**Exercise prompt**
Nothing but the lines from the one that contains "this 1650×1100 image." through the end of the data should be reproduced, and each must match exactly.

Records from a data source:
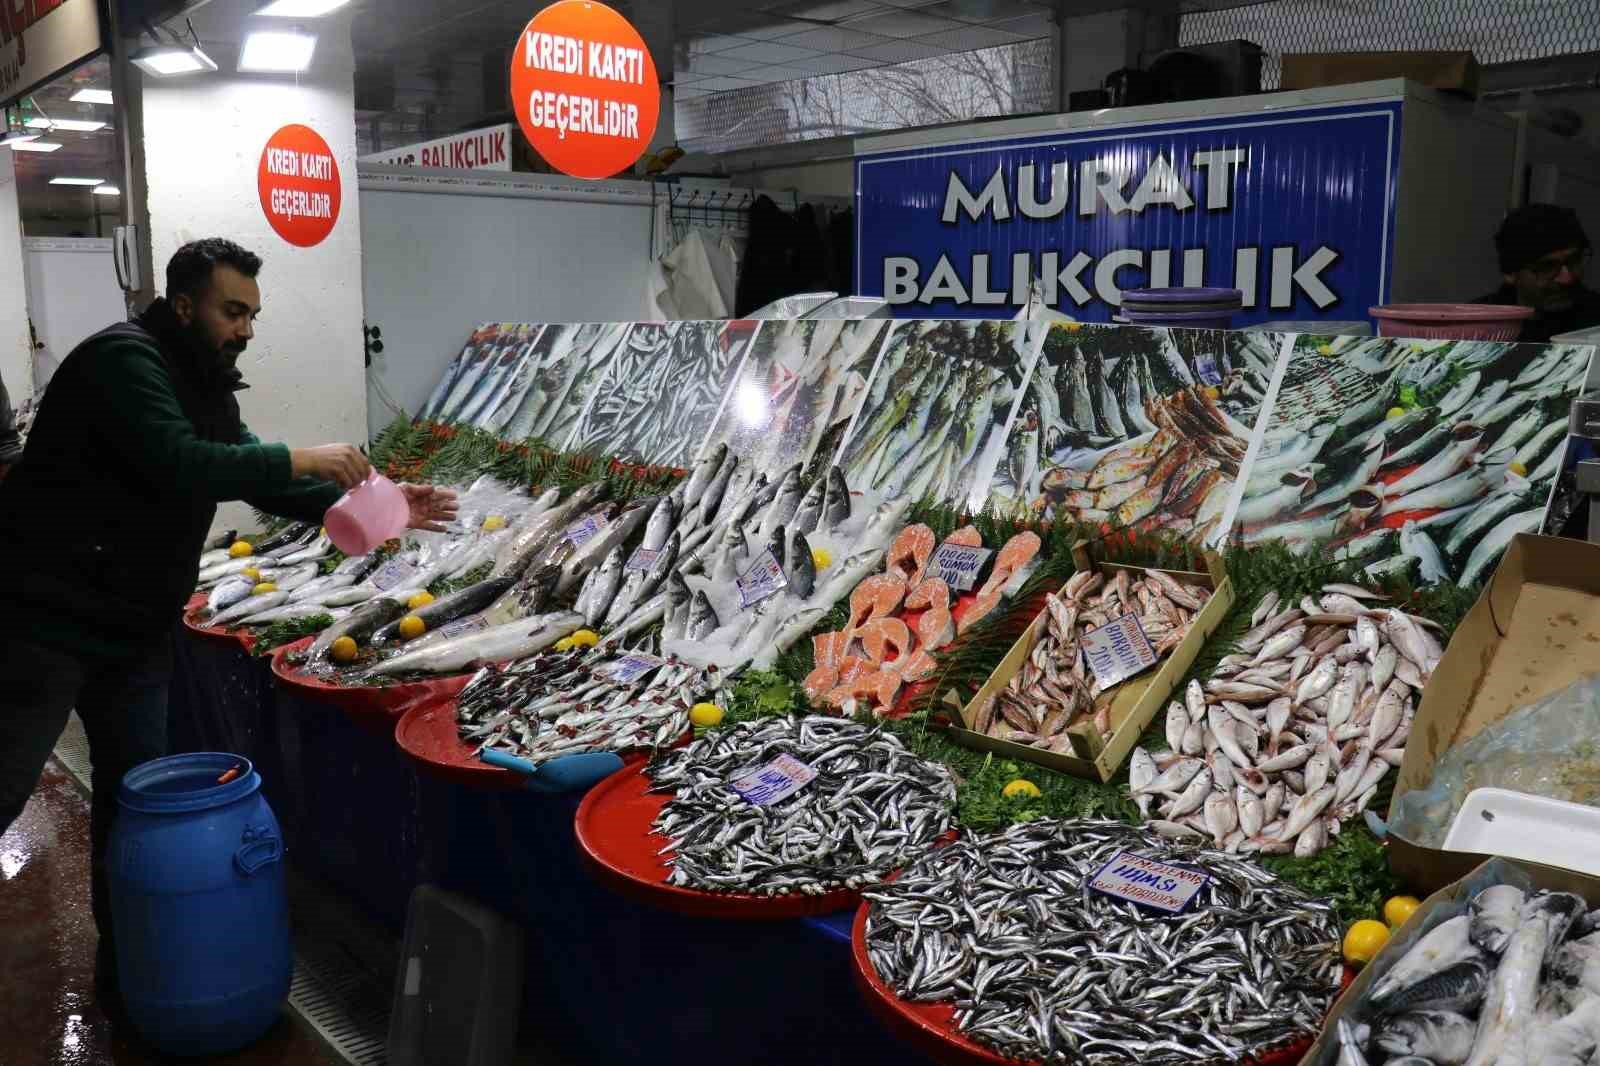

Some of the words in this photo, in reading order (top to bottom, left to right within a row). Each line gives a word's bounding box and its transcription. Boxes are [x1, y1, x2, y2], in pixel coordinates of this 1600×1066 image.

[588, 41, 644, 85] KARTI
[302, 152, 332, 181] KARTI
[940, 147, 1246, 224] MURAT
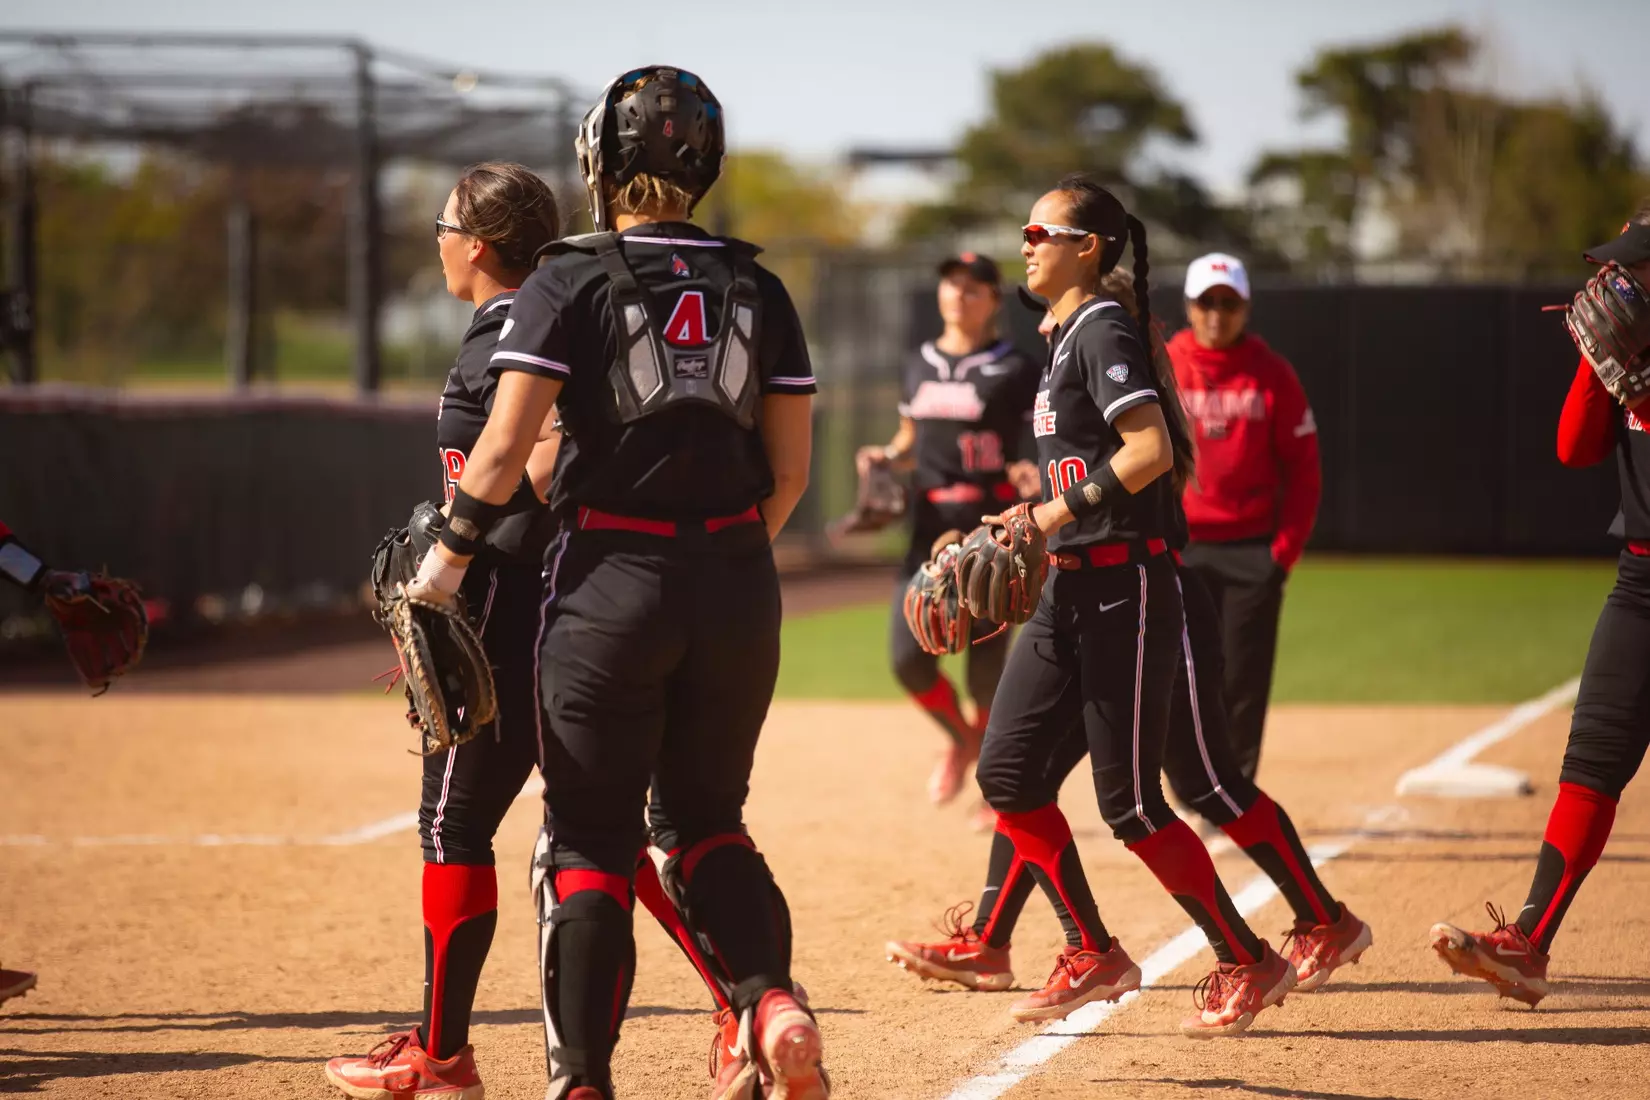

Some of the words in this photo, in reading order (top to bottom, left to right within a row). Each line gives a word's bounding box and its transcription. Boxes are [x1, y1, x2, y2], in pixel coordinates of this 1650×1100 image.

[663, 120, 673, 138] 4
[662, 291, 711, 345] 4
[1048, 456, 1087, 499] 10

**Exercise response**
Some of the words in this photo, in reading order (top to bottom, left to right within a row). Each line gives a word's bounding box and its transcription. Boxes are [x1, y1, x2, y2], in pixel coordinates of this 1650×1100 image.

[663, 120, 673, 138] 4
[662, 291, 711, 345] 4
[1048, 456, 1087, 499] 10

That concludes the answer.